Guest guest Posted October 10, 2001 Report Share Posted October 10, 2001 I remember those feelings all too well. I too took anti-anxiety meds (like AJ) before surgery to help. I did feel a temporary sense of calm the night before my surgery. People always call it 'elective' surgery. I looked at my mom and she had bypass surgery 3 years ago. She didn't have a heart attack, but she did have blockage and they did the bypass to prevent an attack. Technically, her bypass surgery was 'elective' too. I also remember being at suppport group meetings and thinking I was going to be the one person that didn't lose any weight. I was so worried that I would go through all this major surgery and fail. The day after my surgery I remember lying in the hospital thinking that I must be crazy to have done something so major to myself. This wasn't something I could easily reverse and I was stuck this way. I kept wishing it was all a dream and that I could go back and not have surgery. Of course those feelings have all subsided. By 2 weeks out I was feeling so much better and I knew I had done the right thing. At 6 weeks I was positive that this surgery had saved my life just like bypass surgery saved my mother. Next week will be 3 months and I feel better that I have since highschool. I think it is normal to question your decision up until surgery. Just make sure you are doing it for the right reasons and that you are totally aware of the changes ahead of you. Think about how your life will be in 5 or 10 years if you do and don't have surgery. Think about quality of life. For me, there was no question that surgery was the best decision for me. Kathy M. DS 7/19/01 213 pre-op 160 today Quote Link to comment Share on other sites More sharing options...

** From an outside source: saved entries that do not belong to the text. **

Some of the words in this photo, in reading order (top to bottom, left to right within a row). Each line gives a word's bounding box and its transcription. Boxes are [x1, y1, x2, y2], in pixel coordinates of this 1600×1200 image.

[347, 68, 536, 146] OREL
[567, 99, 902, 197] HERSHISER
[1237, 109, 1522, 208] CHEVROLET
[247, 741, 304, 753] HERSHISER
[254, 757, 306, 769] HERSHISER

Guest guest Posted October 10, 2001 Report Share Posted October 10, 2001 In a message dated 10/10/2001 5:34:16 AM Pacific Daylight Time, psbilyeu@... writes: > . I was worried > about it makng me > groggy---but when there is true anxiety going on it takes care of > it, and leaves you > feeling so normal and rational. > It still knocked me out...LMAO I'm glad its helping you though! You're going to find (at least I did) that once you get to Spain the excitment of the trip kinda takes over. I didn't get nervous again till a few hours before surgery! I'm going to be thinking of you over the next couple weeks...I know it is going to be fine and you're going to sail thru!!! ~*~ AJ ~*~ Age 37 5'8'' Post op 7/24/01 Open DS self pay - Dr Baltasar -Alcoy Spain 07/24/01 BMI 64 415.1 08/24/01 BMI 58 386.5 -28.6 lbs! 09/24/01 BMI 55.8 367.1 -48.0 lbs! -37.75 inches 10/08/01 BMI 54.3 357.1 -58.0 lbs! -50.0 inches Quote Link to comment Share on other sites More sharing options...
Guest guest Posted October 10, 2001 Report Share Posted October 10, 2001 In a message dated 10/10/2001 5:39:47 AM Pacific Daylight Time, andem4@... writes: > The day after my surgery I remember lying in the hospital thinking that I > must be crazy to have done something so major to myself. This wasn't > something I could easily reverse and I was stuck this way. I kept wishing > it was all a dream and that I could go back and not have surgery. > > OMG...thats exactly what I thought that first day after surgery...but it was short lived!! ~*~ AJ ~*~ Age 37 5'8'' Post op 7/24/01 Open DS self pay - Dr Baltasar -Alcoy Spain 07/24/01 BMI 64 415.1 08/24/01 BMI 58 386.5 -28.6 lbs! 09/24/01 BMI 55.8 367.1 -48.0 lbs! -37.75 inches 10/08/01 BMI 54.3 357.1 -58.0 lbs! -50.0 inches Quote Link to comment Share on other sites More sharing options...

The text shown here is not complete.